When Chauvin went on trial nine months later, the prosecution was at pains to narrow things back down, and reduce the scope of criminality to one man. ‘You were told … that the reason Mr Floyd died was because his heart was too big,’ Jerry Blackwell, a lawyer working for the prosecution, told the jury, referring to defence claims that Floyd had died because his heart was enlarged and weakened by drug abuse. ‘The truth of the matter is that the reason George Floyd is dead is because Mr Chauvin’s heart was too small.’ ‘Policing is the most noble profession,’ the state prosecutor, Steve Schleicher, insisted.

To be very clear, this case is called the State of Minnesota versus Derek Chauvin. It is not called the State of Minnesota versus the police … Make no mistake, this is not a prosecution of the police, it is a prosecution of the defendant, and there’s nothing worse for good police than a bad police who doesn’t follow the rules.

This was as savvy – in lowering the stakes for the jury it made it easier to secure a guilty verdict – as it was dishonest. A week before Schleicher’s summing up, and just fifteen minutes’ drive from the court, Daunte Wright was shot dead by a police officer after a traffic stop.

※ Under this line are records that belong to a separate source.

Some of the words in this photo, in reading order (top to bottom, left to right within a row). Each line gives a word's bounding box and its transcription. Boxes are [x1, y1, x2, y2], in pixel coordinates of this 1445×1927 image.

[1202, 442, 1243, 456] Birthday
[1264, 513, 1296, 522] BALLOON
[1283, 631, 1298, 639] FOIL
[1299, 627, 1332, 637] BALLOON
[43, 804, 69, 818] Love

Less than half an hour before the verdict was delivered, a policeman in Columbus, Ohio, shot dead a 16-year-old girl, Ma’Khia Bryant, who appeared to be threatening someone with a knife. Chauvin wasn’t a one-off, he was just the one who was found guilty.

Discussions about race are often guided by views on individual and collective responsibility: some believe the problem is one of bad people and bad attitudes; others focus on policies, practices and power. In We Own This City Justin Fenton tells a story of bad people and bad attitudes, but – whether he intends to or not – his book reveals the way systemic discrimination operates, whom it affects and how it is sustained. His narrative is brisk and engaging. Unlike Jill Leovy’s Ghettoside, which describes the investigation into a single Los Angeles murder, or Tim Pritchard’s Street Boys, about a London gang, We Own This City doesn’t stray far from the story. It is a reporter’s book – detailed in its accounts, sources and references but short on analysis and commentary. He gives us the dots but doesn’t connect them.

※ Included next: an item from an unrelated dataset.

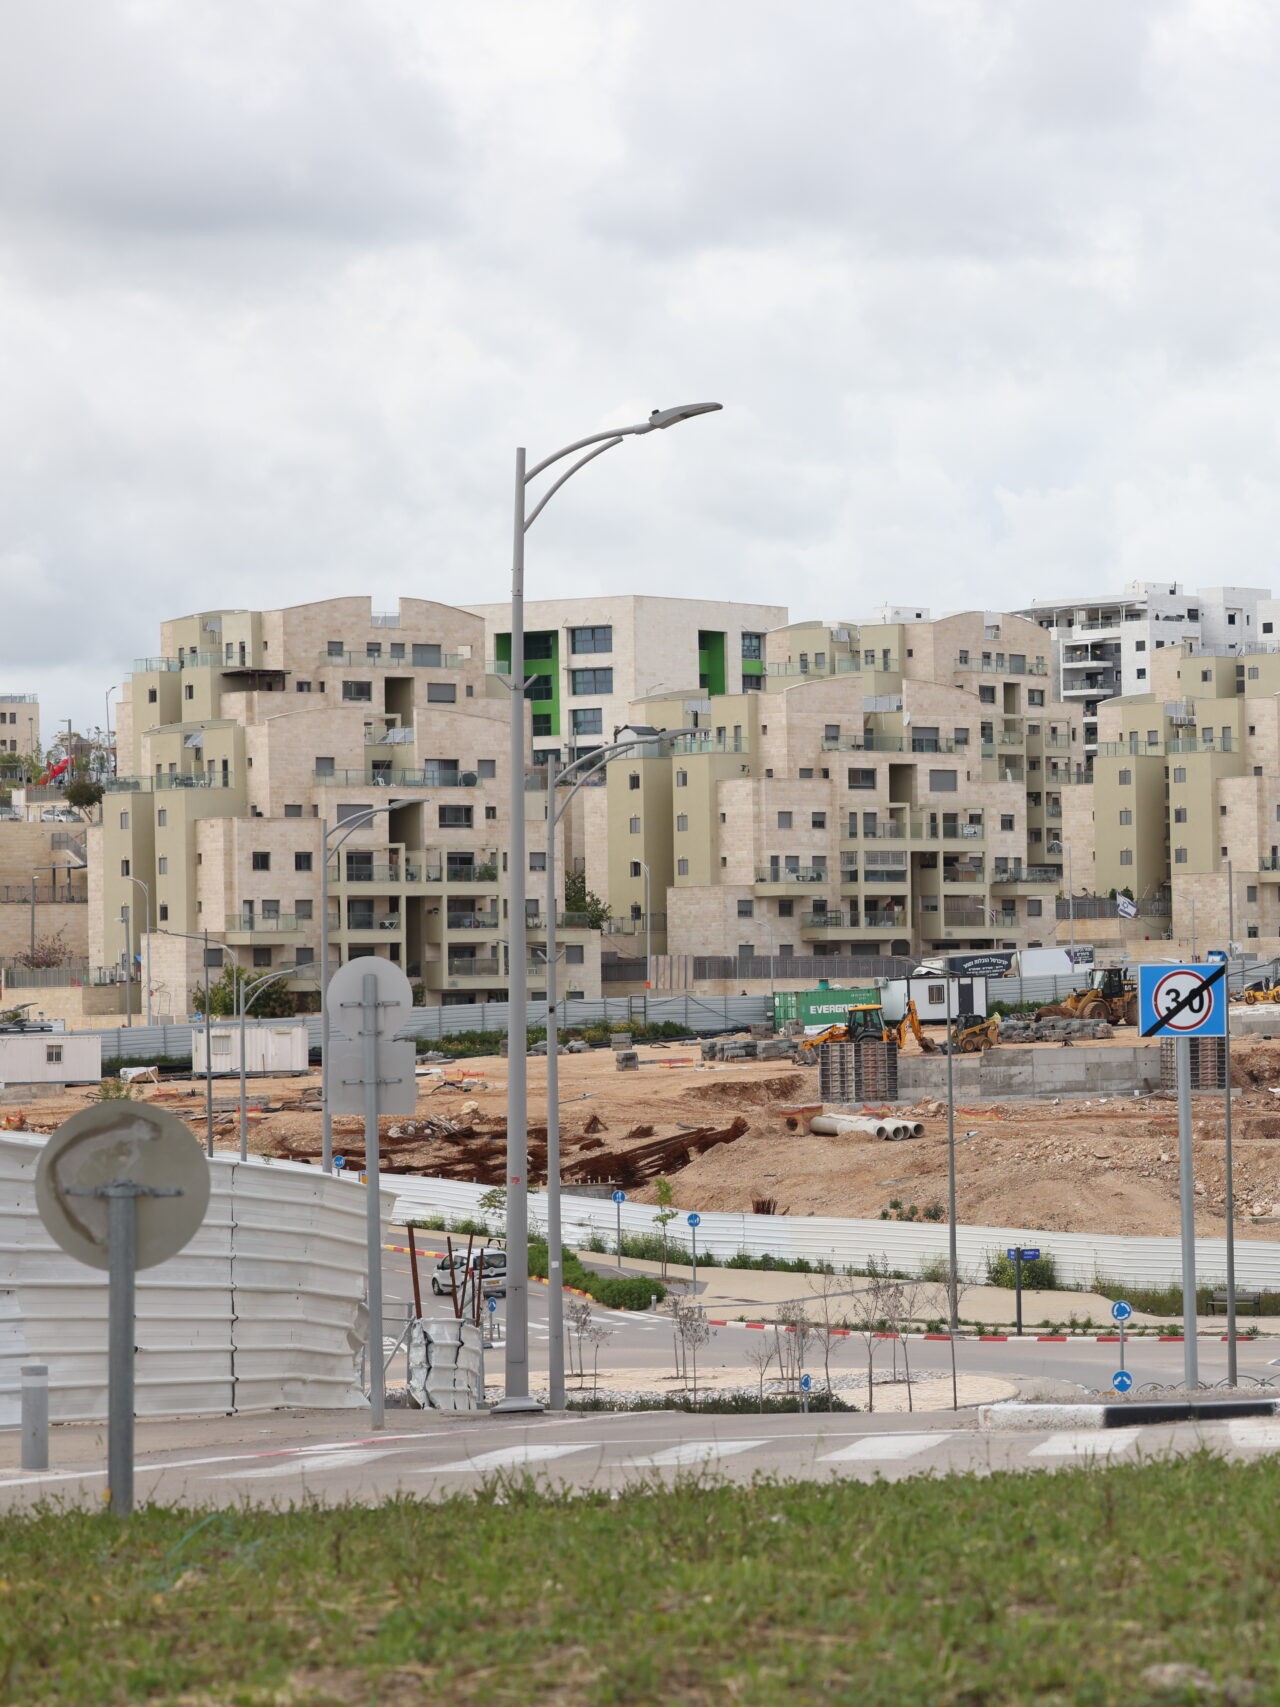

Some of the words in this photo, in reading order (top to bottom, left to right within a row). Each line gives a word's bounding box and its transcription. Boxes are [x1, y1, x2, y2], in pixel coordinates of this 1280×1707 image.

[974, 957, 990, 965] הובלות
[1165, 988, 1204, 1013] 30
[810, 1003, 866, 1014] EVERGR

The book grew out of his work as a crime reporter on the Baltimore Sun, where he covered the voracious corruption of Baltimore’s Gun Trace Task Force, an elite unit set up by the city’s police department, and its subsequent prosecution by federal agents. Sergeant Wayne Jenkins and his officers didn’t just take drugs and money from the criminals they caught: they planted drugs and guns on people who weren’t criminals (or who weren’t doing anything criminal); they broke into the homes of people they had apprehended and burgled them; and chased people who had done nothing, and then arrested them for running away – in one case this caused a fatal car crash. They routinely installed GPS trackers on the cars of people they planned to rob, conspired to falsify accounts and documents to cover their tracks, and repeatedly perjured themselves on the witness stand.

On 22 March 2016, to take one example, Jenkins and his team saw a black man with a backpack getting into a van. The van was being driven by a drug dealer called Oreese Stevenson; inside, they found $21,500 and half a kilo of cocaine. Jenkins took Stevenson’s keys and went to his house, where he found guns, more cocaine and bags of money. He didn’t have a search warrant. He called a friend, Donny Stepp, and told him to come over. Stepp was a bail bondsman and drug dealer who had spent time in prison. When Jenkins stole drugs, he would pass them to Stepp who would sell them on, take a cut and give the rest of the money to Jenkins. ‘He opens the passenger door to my truck,’ Stepp recalled, ‘throws two kilograms of cocaine in it and says, “Donny, I’m going on vacation, can you get me $5000 this week?”’

Jenkins then got a search warrant for the house he had already raided and told his officers to film themselves opening the front door as if for the first time. In the basement they found $200,000 in a safe and took half of it. Then they opened the safe again, this time recording themselves on a phone, and feigned shock. ‘Don’t touch it,’ Jenkins can be heard saying. ‘We’re not even gonna fucking touch it. Keep recording, no one is touching this money. Keep your fucking camera on, so we don’t get any bullshit.’ They called a federal drug task force and headed to the home of one of the officers where they shared out the spoils – $40,000 for Jenkins and $20,000 each for the other three.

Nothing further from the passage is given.